## Try it
Only the words of the entries are wanted, repeated exactly and without images.

## Supplied records
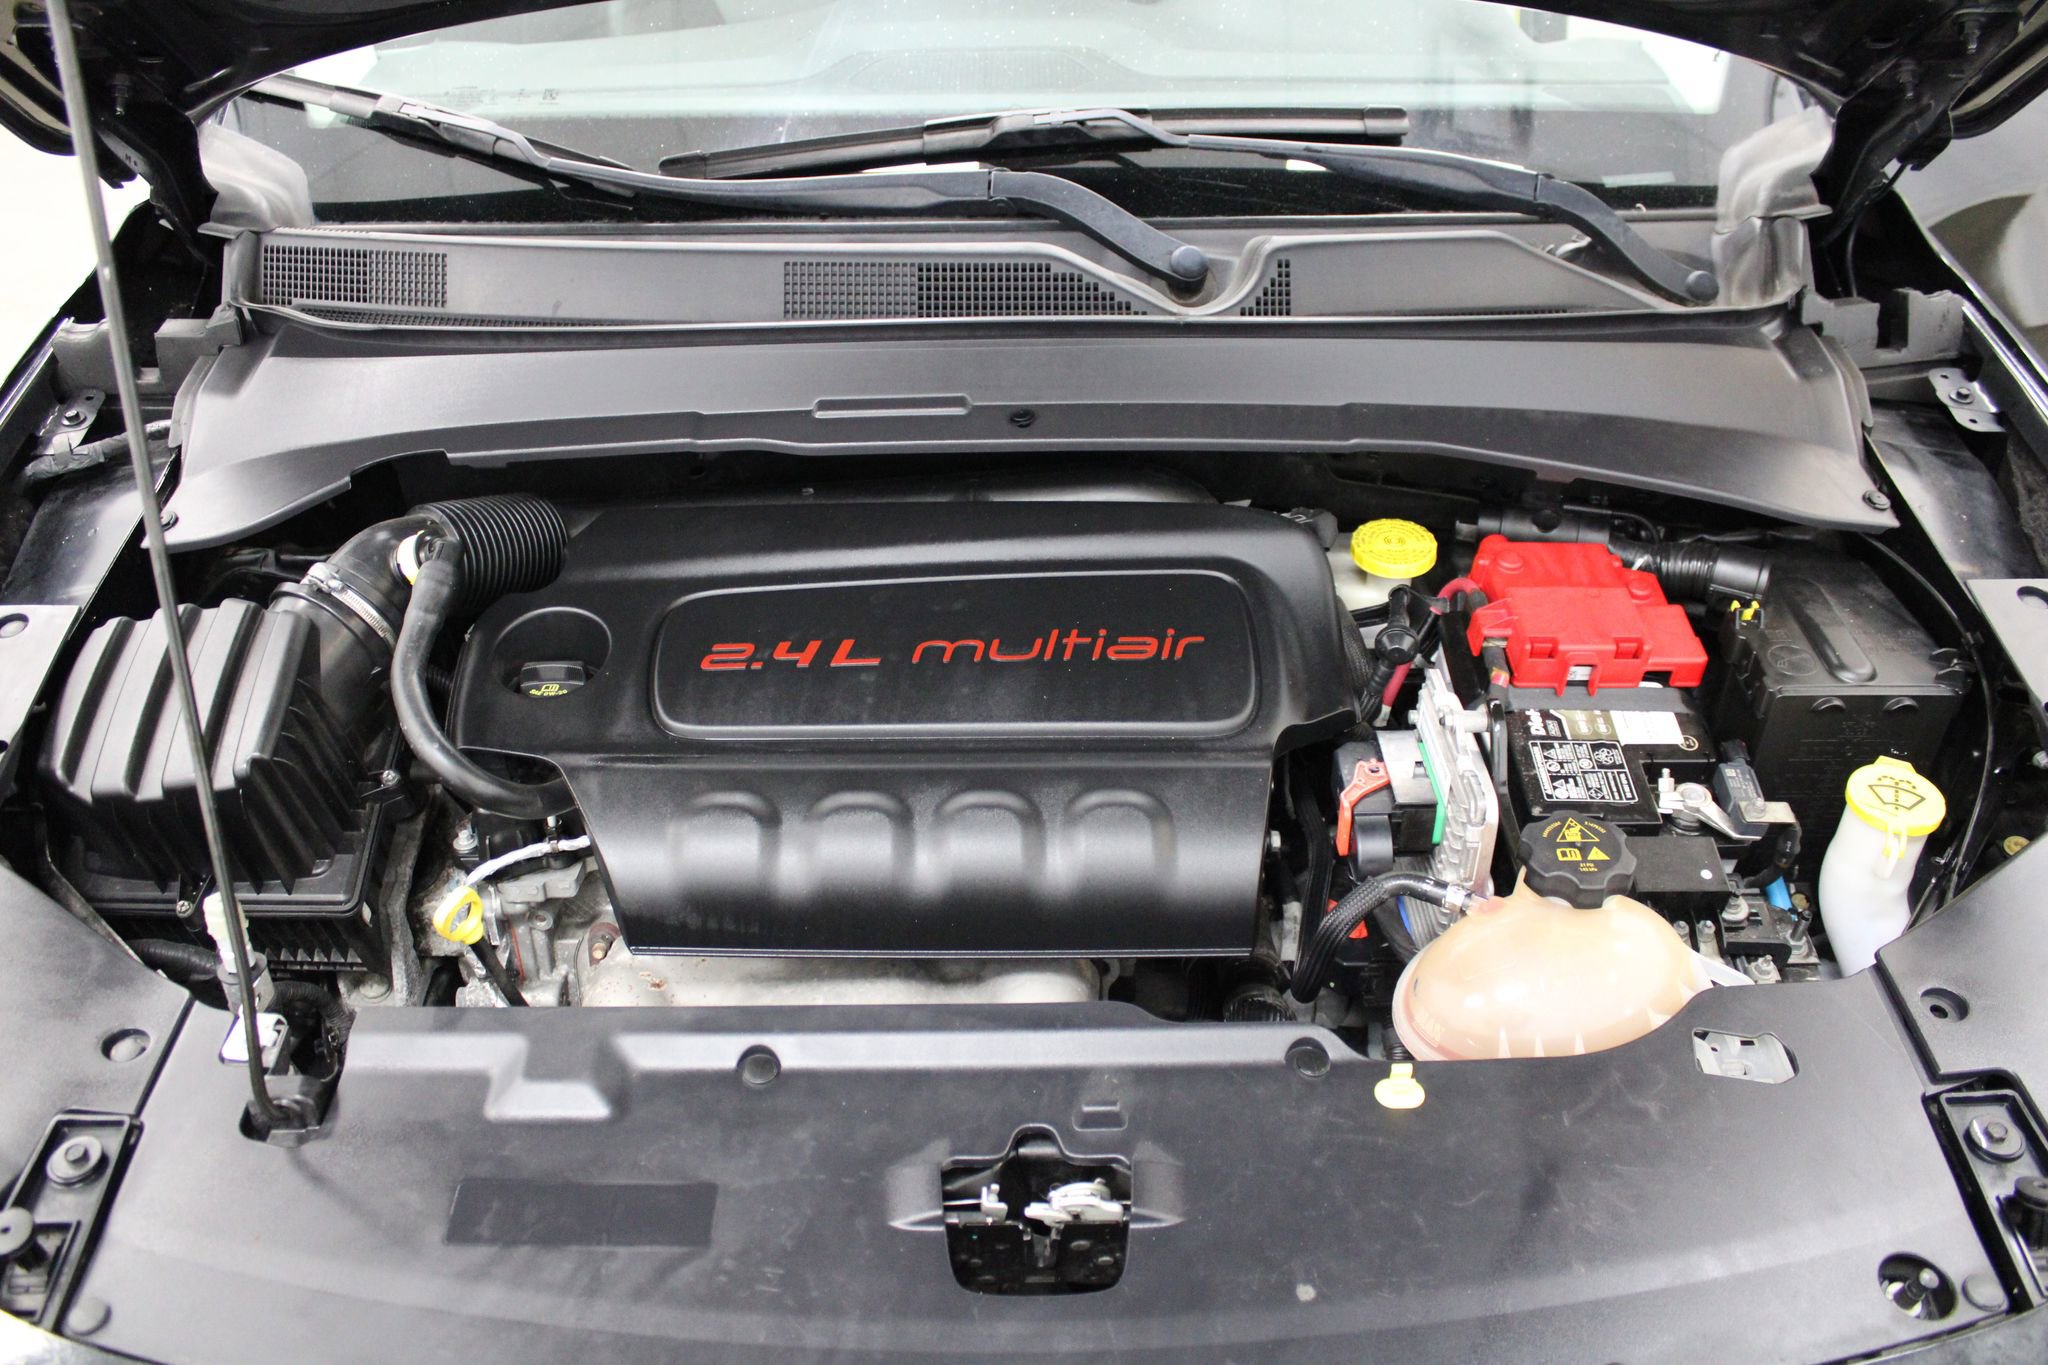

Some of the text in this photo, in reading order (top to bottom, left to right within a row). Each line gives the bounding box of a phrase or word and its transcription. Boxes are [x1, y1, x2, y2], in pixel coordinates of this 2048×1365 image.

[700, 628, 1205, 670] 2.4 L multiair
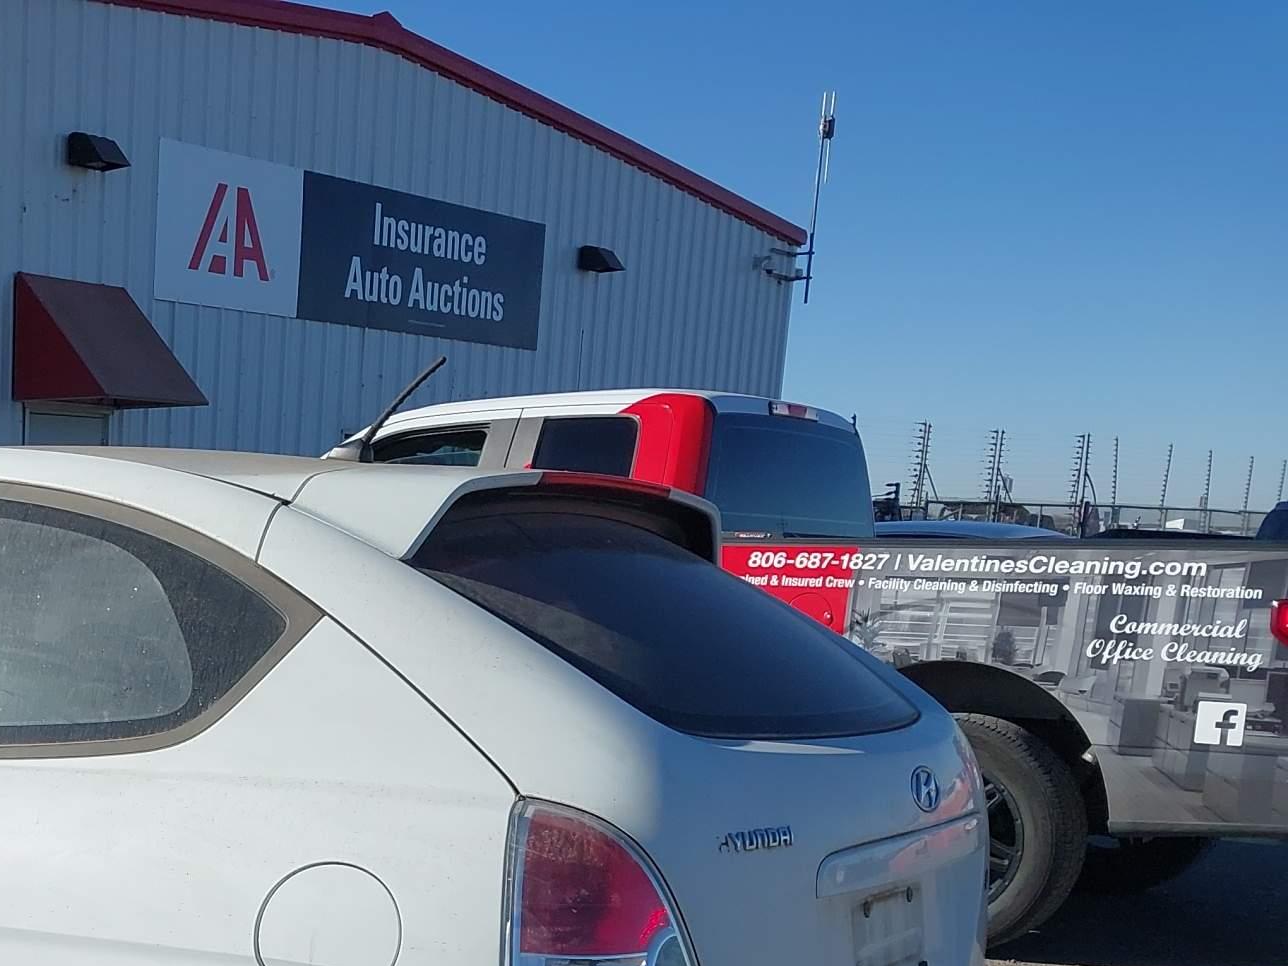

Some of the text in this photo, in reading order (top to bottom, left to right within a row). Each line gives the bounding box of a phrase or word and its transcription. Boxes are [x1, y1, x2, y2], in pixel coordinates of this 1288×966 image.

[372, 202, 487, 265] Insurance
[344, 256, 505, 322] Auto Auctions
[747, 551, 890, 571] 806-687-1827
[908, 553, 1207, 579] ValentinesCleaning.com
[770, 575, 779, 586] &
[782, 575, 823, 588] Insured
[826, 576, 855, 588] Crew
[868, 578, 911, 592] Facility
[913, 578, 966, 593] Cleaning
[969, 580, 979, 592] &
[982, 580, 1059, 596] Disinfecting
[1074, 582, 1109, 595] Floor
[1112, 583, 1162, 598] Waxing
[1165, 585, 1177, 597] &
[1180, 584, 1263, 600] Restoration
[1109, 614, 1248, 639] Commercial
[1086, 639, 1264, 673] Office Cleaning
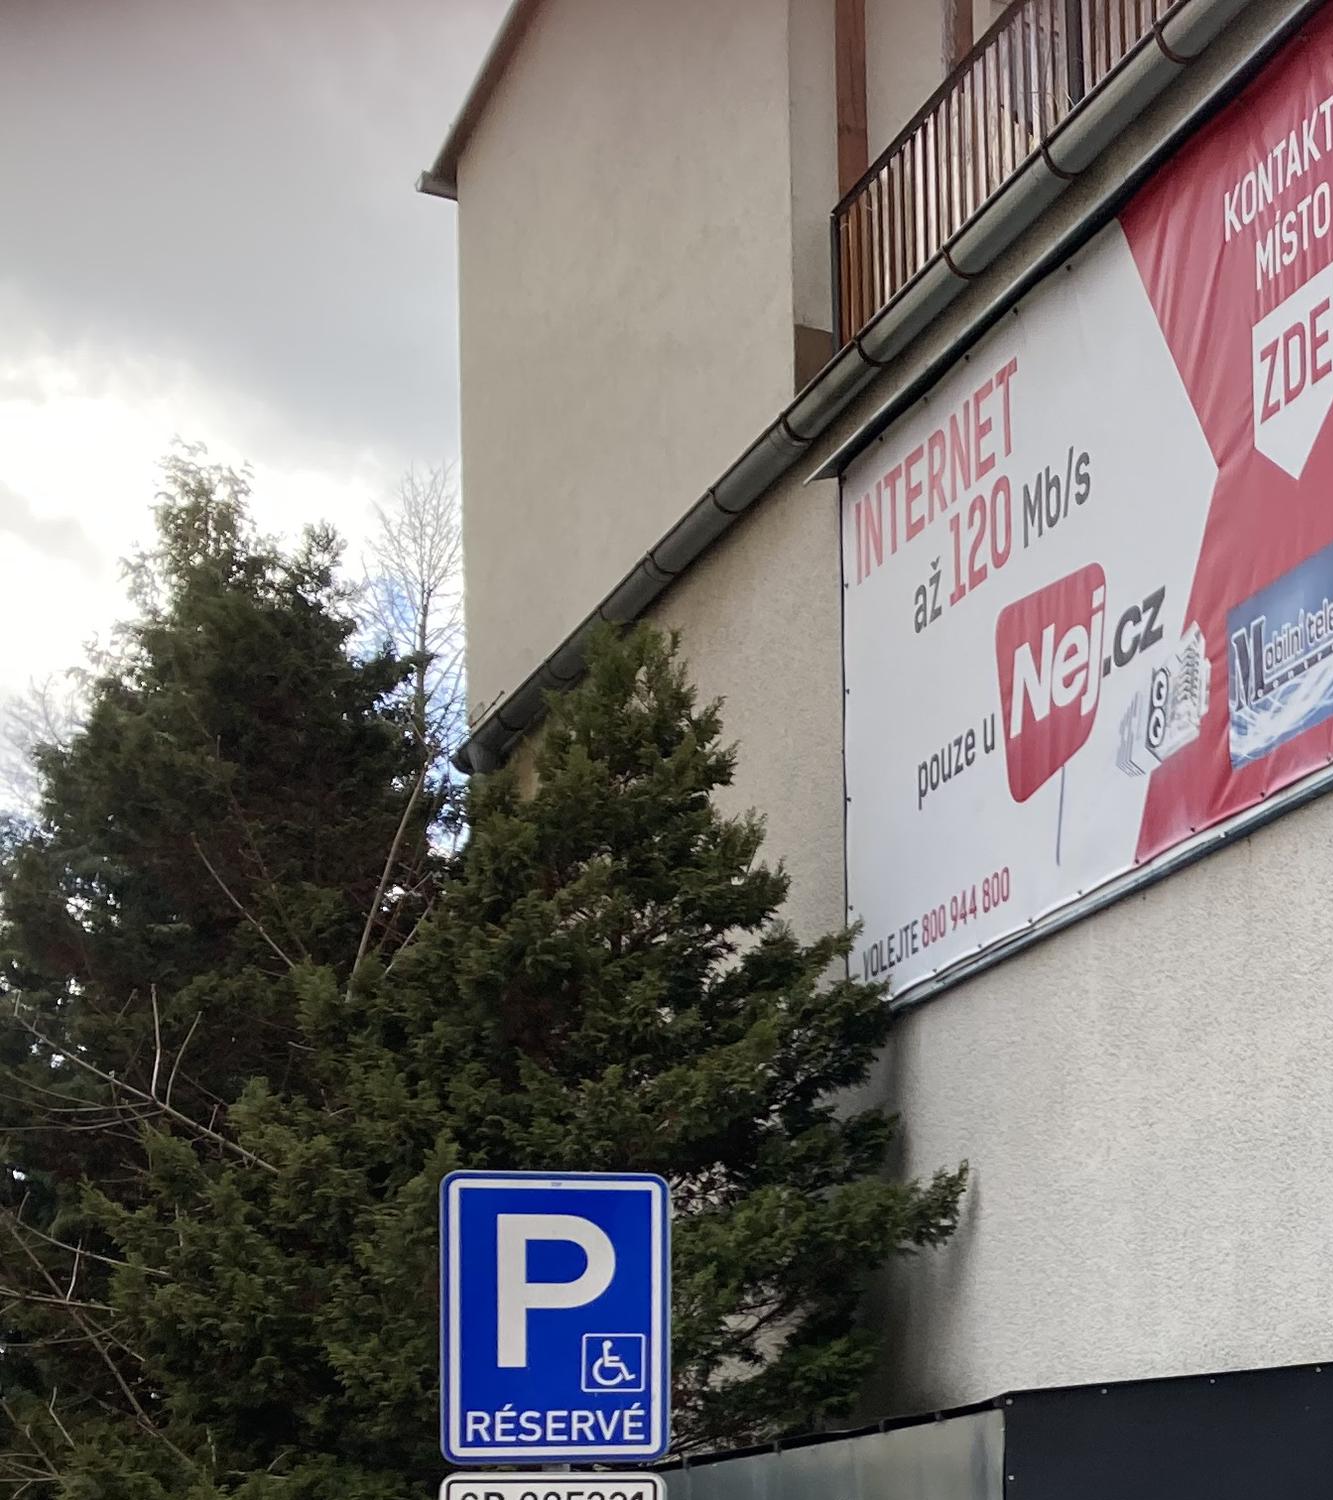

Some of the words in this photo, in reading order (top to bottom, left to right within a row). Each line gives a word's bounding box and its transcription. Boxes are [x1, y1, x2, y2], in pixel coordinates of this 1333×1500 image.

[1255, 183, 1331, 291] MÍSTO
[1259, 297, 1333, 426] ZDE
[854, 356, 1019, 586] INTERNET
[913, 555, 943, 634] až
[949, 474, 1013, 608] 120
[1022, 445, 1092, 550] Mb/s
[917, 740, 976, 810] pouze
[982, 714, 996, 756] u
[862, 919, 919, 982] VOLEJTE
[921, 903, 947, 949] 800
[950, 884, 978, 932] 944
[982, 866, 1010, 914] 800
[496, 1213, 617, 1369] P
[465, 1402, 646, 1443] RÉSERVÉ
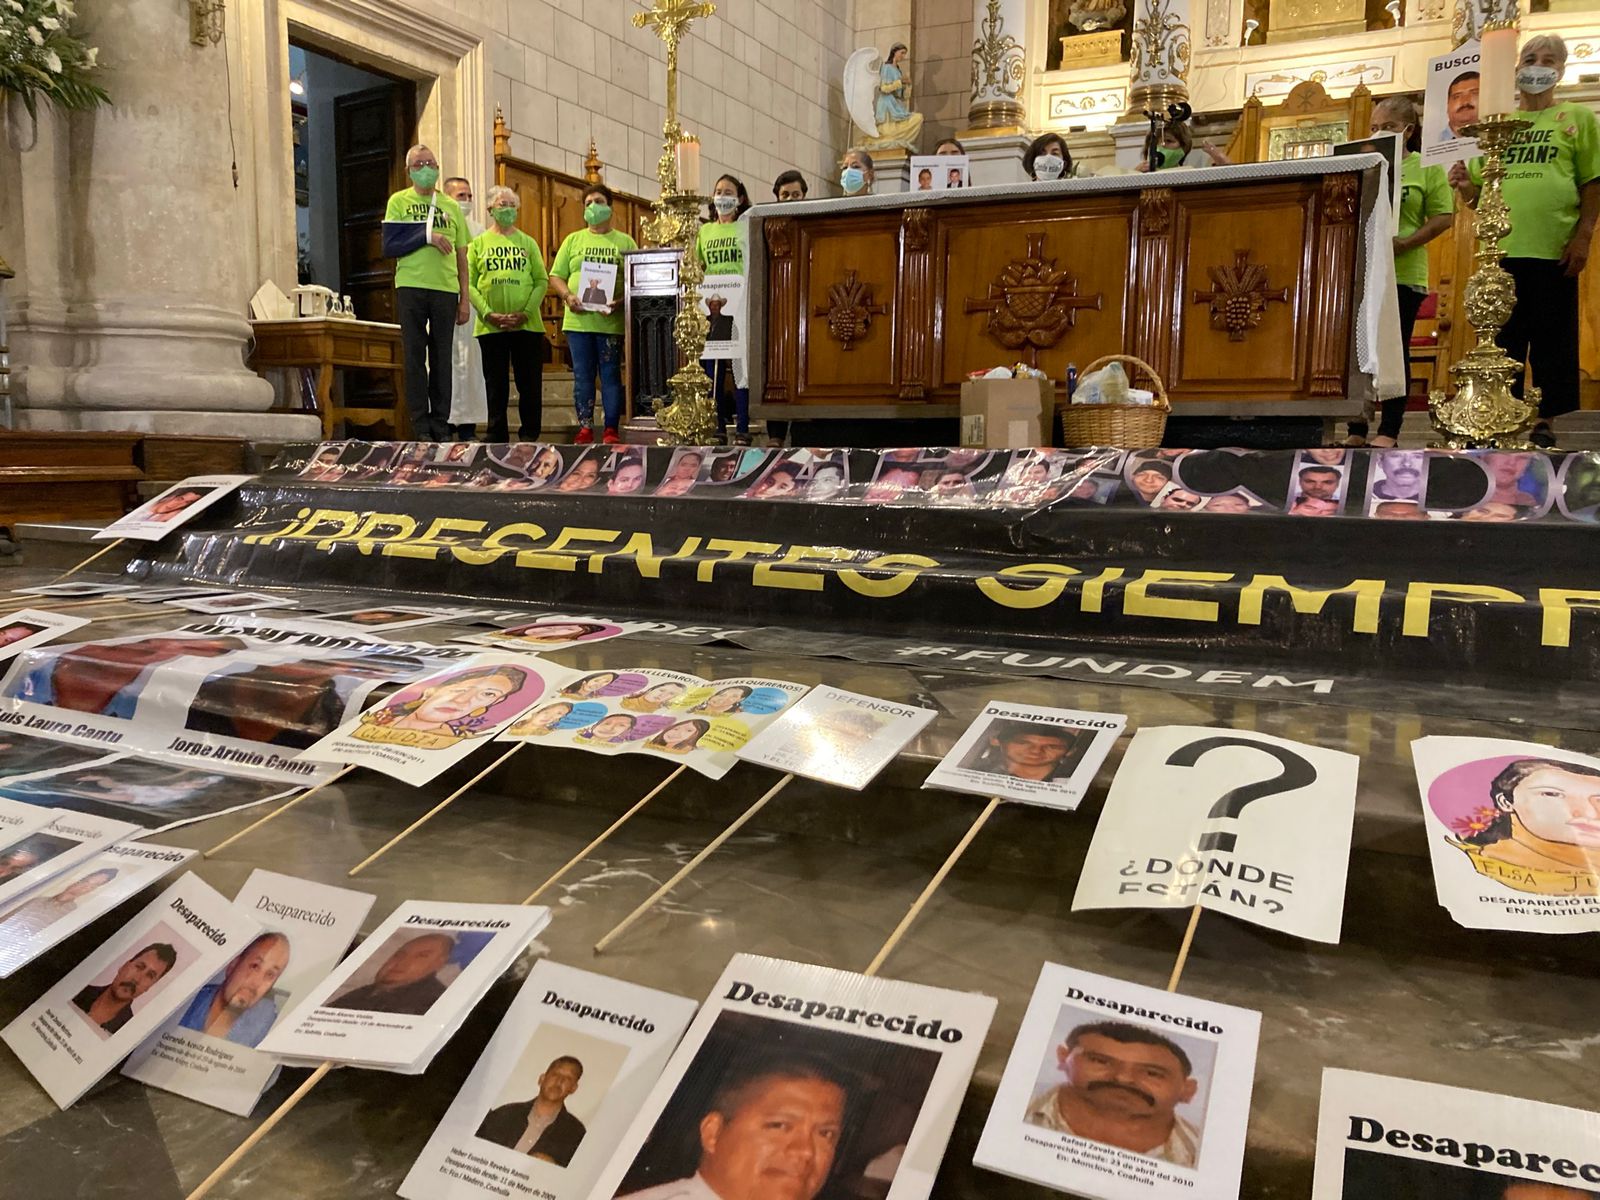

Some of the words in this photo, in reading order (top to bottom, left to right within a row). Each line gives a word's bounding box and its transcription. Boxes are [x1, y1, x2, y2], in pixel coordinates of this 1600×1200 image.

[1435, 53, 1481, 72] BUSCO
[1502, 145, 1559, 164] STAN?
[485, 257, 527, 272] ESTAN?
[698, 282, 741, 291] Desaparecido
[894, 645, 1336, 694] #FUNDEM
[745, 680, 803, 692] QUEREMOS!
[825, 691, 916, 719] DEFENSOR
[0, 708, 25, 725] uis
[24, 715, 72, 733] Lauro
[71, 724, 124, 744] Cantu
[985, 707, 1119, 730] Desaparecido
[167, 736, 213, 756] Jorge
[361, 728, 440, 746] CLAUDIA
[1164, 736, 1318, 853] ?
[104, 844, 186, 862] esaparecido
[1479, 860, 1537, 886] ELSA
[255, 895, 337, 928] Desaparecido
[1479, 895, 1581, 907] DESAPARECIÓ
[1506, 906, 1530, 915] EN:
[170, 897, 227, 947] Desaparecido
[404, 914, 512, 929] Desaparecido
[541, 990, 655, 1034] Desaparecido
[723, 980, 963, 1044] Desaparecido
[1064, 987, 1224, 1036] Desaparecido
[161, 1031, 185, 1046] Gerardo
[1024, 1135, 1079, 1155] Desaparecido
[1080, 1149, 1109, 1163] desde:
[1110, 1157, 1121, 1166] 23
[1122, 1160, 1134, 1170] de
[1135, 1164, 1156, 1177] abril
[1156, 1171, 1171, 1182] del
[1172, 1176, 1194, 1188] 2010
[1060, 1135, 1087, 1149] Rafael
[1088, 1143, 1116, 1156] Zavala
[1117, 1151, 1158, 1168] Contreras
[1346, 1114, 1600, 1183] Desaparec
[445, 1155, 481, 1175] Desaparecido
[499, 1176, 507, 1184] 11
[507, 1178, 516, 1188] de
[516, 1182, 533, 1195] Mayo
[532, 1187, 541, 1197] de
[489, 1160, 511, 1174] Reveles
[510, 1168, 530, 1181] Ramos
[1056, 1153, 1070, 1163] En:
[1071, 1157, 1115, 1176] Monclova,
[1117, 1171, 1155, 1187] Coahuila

## Exercise response
Some of the text in this photo, in reading order (top to bottom, left to right within a row). Each line gives the bounding box of a phrase or word and its transcription. Boxes are [x1, y1, x2, y2], in pixel coordinates of this 2048×1365 image.

[700, 628, 1205, 670] 2.4 L multiair

Some of the text in this photo, in reading order (top to bottom, left to right within a row). Each line gives the bounding box of a phrase or word and its transcription. Boxes are [x1, y1, x2, y2], in pixel coordinates of this 1288×966 image.

[372, 202, 487, 265] Insurance
[344, 256, 505, 322] Auto Auctions
[747, 551, 890, 571] 806-687-1827
[908, 553, 1207, 579] ValentinesCleaning.com
[770, 575, 779, 586] &
[782, 575, 823, 588] Insured
[826, 576, 855, 588] Crew
[868, 578, 911, 592] Facility
[913, 578, 966, 593] Cleaning
[969, 580, 979, 592] &
[982, 580, 1059, 596] Disinfecting
[1074, 582, 1109, 595] Floor
[1112, 583, 1162, 598] Waxing
[1165, 585, 1177, 597] &
[1180, 584, 1263, 600] Restoration
[1109, 614, 1248, 639] Commercial
[1086, 639, 1264, 673] Office Cleaning

Some of the words in this photo, in reading order (top to bottom, left to right within a row). Each line gives a word's bounding box and its transcription. Boxes are [x1, y1, x2, y2], in pixel coordinates of this 1333×1500 image.

[1255, 183, 1331, 291] MÍSTO
[1259, 297, 1333, 426] ZDE
[854, 356, 1019, 586] INTERNET
[913, 555, 943, 634] až
[949, 474, 1013, 608] 120
[1022, 445, 1092, 550] Mb/s
[917, 740, 976, 810] pouze
[982, 714, 996, 756] u
[862, 919, 919, 982] VOLEJTE
[921, 903, 947, 949] 800
[950, 884, 978, 932] 944
[982, 866, 1010, 914] 800
[496, 1213, 617, 1369] P
[465, 1402, 646, 1443] RÉSERVÉ

Some of the words in this photo, in reading order (top to bottom, left to right within a row). Each line gives a word's bounding box and its transcription. Boxes are [x1, y1, x2, y2], in pixel coordinates of this 1600×1200 image.

[1435, 53, 1481, 72] BUSCO
[1502, 145, 1559, 164] STAN?
[485, 257, 527, 272] ESTAN?
[698, 282, 741, 291] Desaparecido
[894, 645, 1336, 694] #FUNDEM
[745, 680, 803, 692] QUEREMOS!
[825, 691, 916, 719] DEFENSOR
[0, 708, 25, 725] uis
[24, 715, 72, 733] Lauro
[71, 724, 124, 744] Cantu
[985, 707, 1119, 730] Desaparecido
[167, 736, 213, 756] Jorge
[361, 728, 440, 746] CLAUDIA
[1164, 736, 1318, 853] ?
[104, 844, 186, 862] esaparecido
[1479, 860, 1537, 886] ELSA
[255, 895, 337, 928] Desaparecido
[1479, 895, 1581, 907] DESAPARECIÓ
[1506, 906, 1530, 915] EN:
[170, 897, 227, 947] Desaparecido
[404, 914, 512, 929] Desaparecido
[541, 990, 655, 1034] Desaparecido
[723, 980, 963, 1044] Desaparecido
[1064, 987, 1224, 1036] Desaparecido
[161, 1031, 185, 1046] Gerardo
[1024, 1135, 1079, 1155] Desaparecido
[1080, 1149, 1109, 1163] desde:
[1110, 1157, 1121, 1166] 23
[1122, 1160, 1134, 1170] de
[1135, 1164, 1156, 1177] abril
[1156, 1171, 1171, 1182] del
[1172, 1176, 1194, 1188] 2010
[1060, 1135, 1087, 1149] Rafael
[1088, 1143, 1116, 1156] Zavala
[1117, 1151, 1158, 1168] Contreras
[1346, 1114, 1600, 1183] Desaparec
[445, 1155, 481, 1175] Desaparecido
[499, 1176, 507, 1184] 11
[507, 1178, 516, 1188] de
[516, 1182, 533, 1195] Mayo
[532, 1187, 541, 1197] de
[489, 1160, 511, 1174] Reveles
[510, 1168, 530, 1181] Ramos
[1056, 1153, 1070, 1163] En:
[1071, 1157, 1115, 1176] Monclova,
[1117, 1171, 1155, 1187] Coahuila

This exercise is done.